• _Problem_:
Copy exactly the lines from the one containing "this 1600×1601 image." through the last line of the records, both included, and nothing more.

• _Dataset entries_:
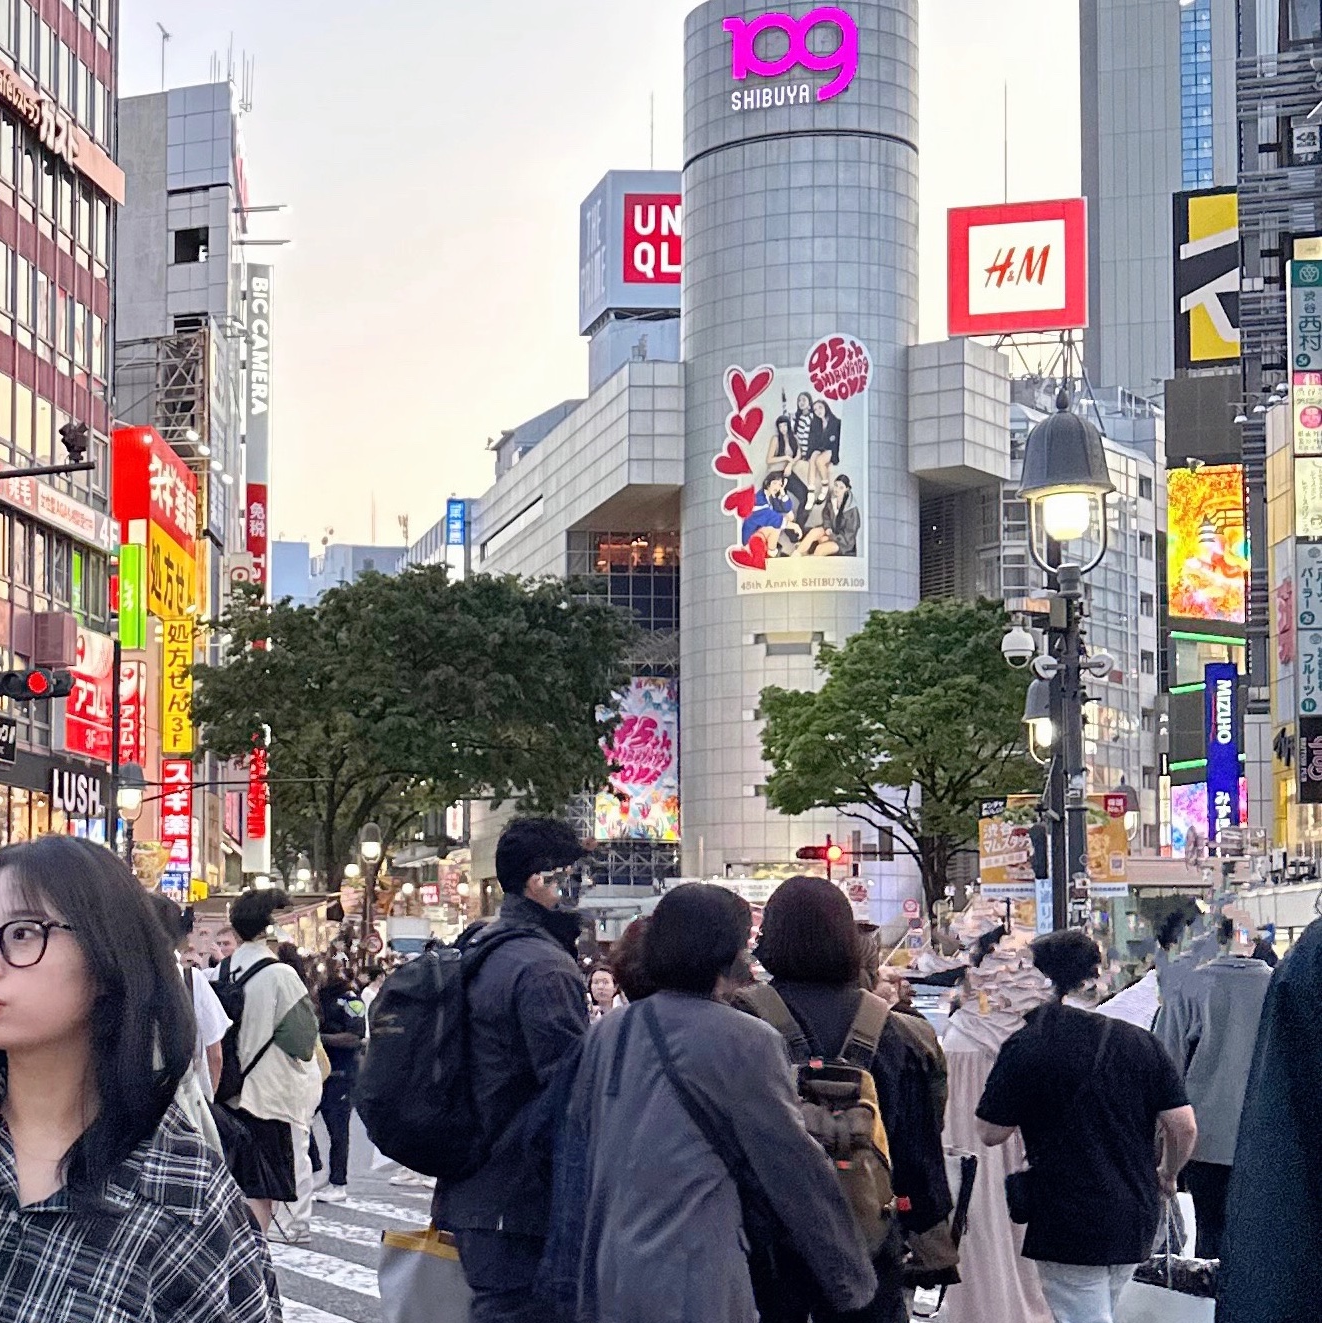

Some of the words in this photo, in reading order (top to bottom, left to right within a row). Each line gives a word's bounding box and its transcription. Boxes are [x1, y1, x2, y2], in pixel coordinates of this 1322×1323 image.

[722, 6, 859, 102] 109
[731, 84, 810, 111] SHIBUYA
[633, 204, 682, 236] UN
[633, 241, 682, 279] QL
[984, 243, 1051, 288] H&M
[251, 276, 269, 314] BIC
[251, 318, 269, 416] CAMERA
[808, 337, 863, 373] 45th
[249, 502, 266, 538] 免税
[1301, 567, 1314, 610] パーラー
[167, 623, 190, 713] 処方せん
[1302, 653, 1315, 696] フルーツ
[74, 679, 108, 719] アコム
[1216, 679, 1232, 744] MIZUHO
[120, 704, 137, 746] アコム
[53, 768, 101, 816] LUSH
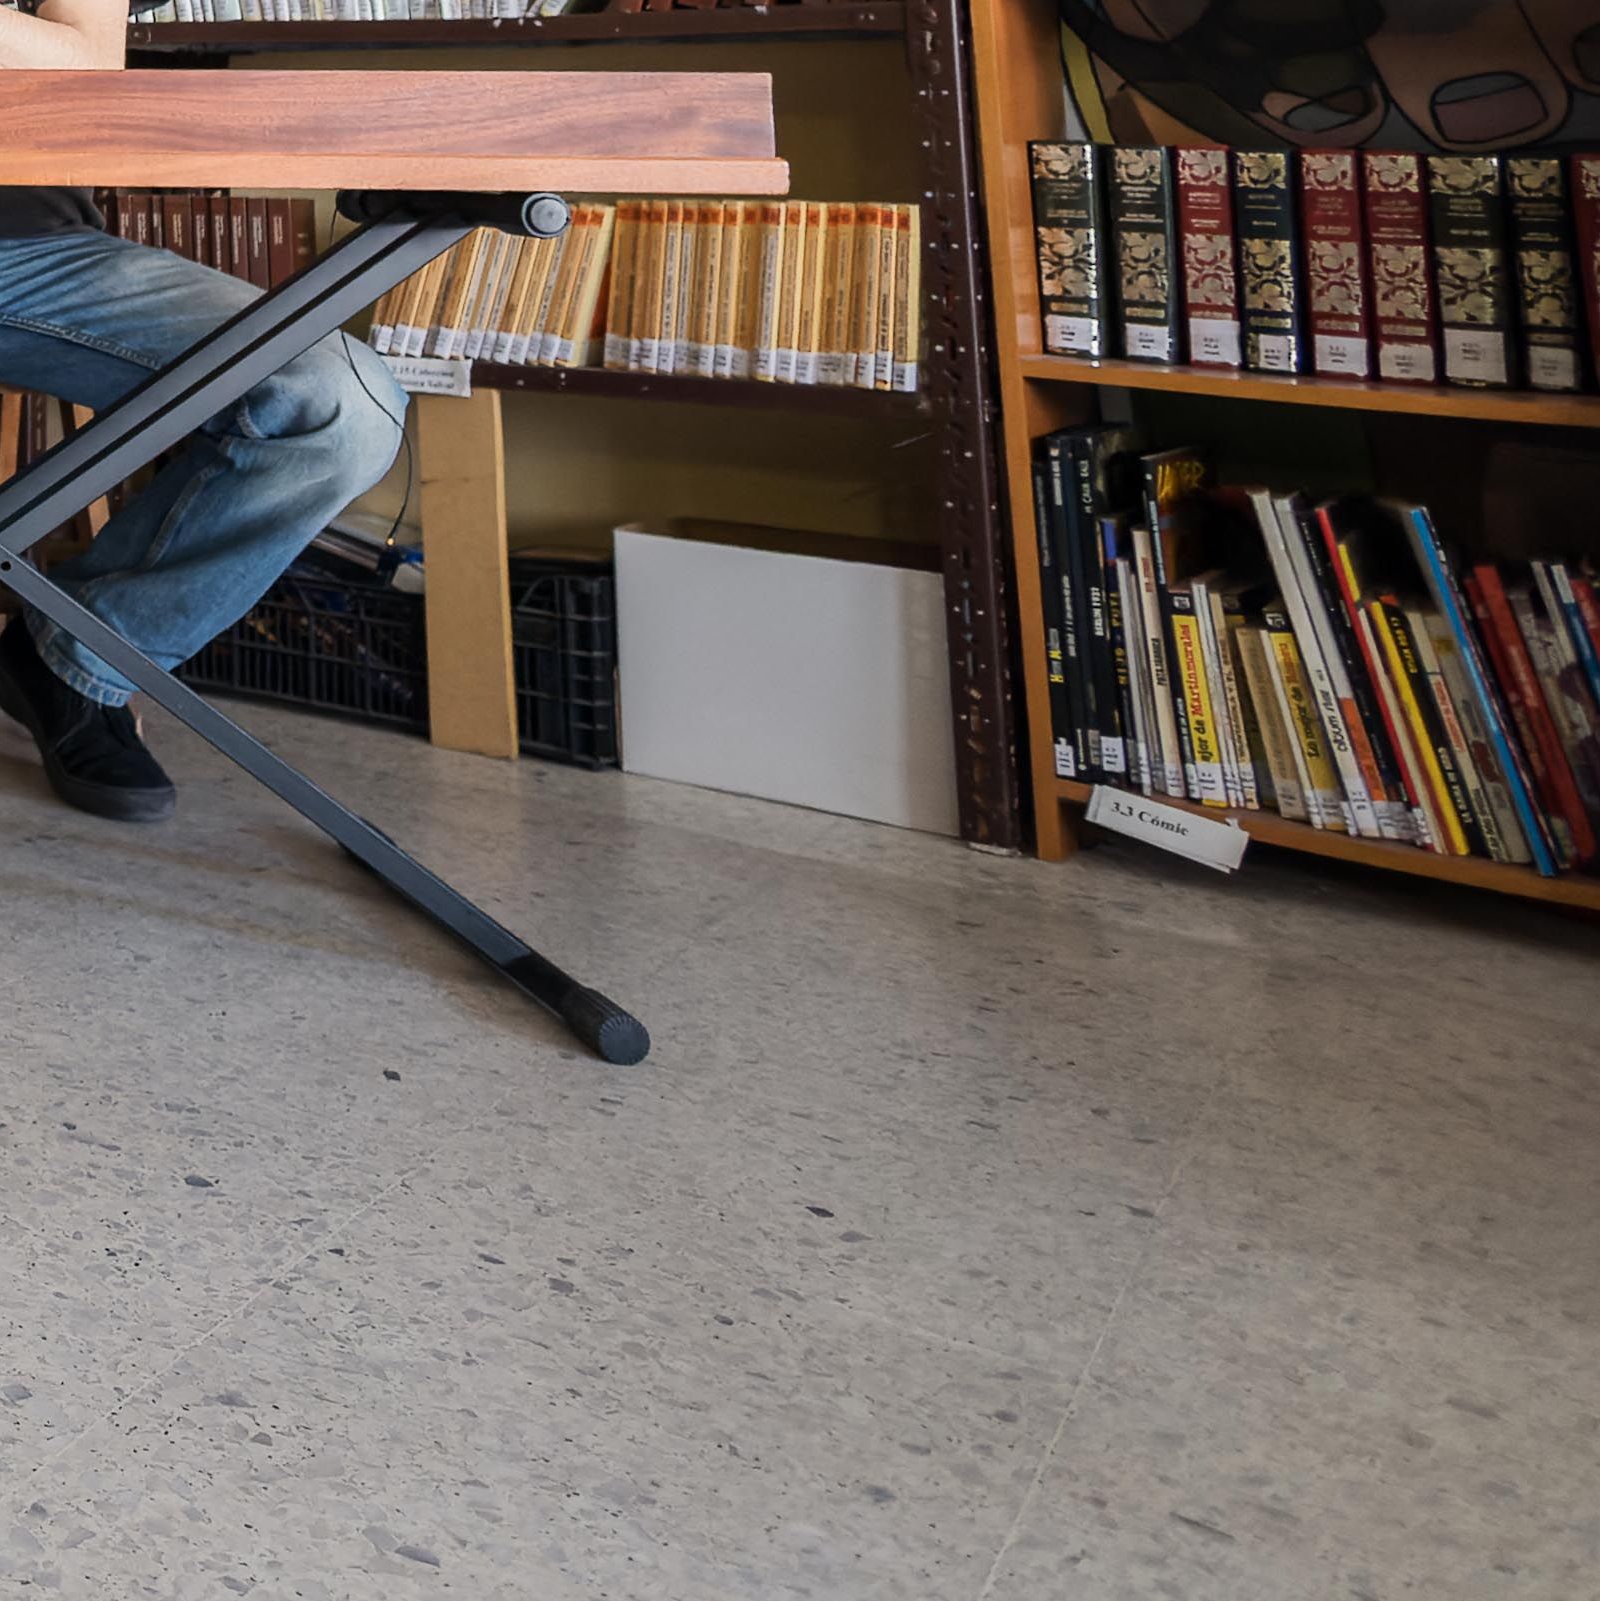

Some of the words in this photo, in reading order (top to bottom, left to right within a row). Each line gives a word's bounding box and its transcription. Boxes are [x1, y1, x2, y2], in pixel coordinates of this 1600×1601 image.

[1177, 623, 1206, 717] Martinmorales
[1289, 687, 1305, 703] de
[1193, 719, 1208, 735] de
[1294, 704, 1315, 740] mejor
[1137, 808, 1191, 838] Cómic

• _Exercise result_:
Some of the words in this photo, in reading order (top to bottom, left to right within a row). Each line gives a word's bounding box and its transcription. Boxes are [x1, y1, x2, y2], in pixel coordinates of this 1600×1601 image.

[1177, 623, 1206, 717] Martinmorales
[1289, 687, 1305, 703] de
[1193, 719, 1208, 735] de
[1294, 704, 1315, 740] mejor
[1137, 808, 1191, 838] Cómic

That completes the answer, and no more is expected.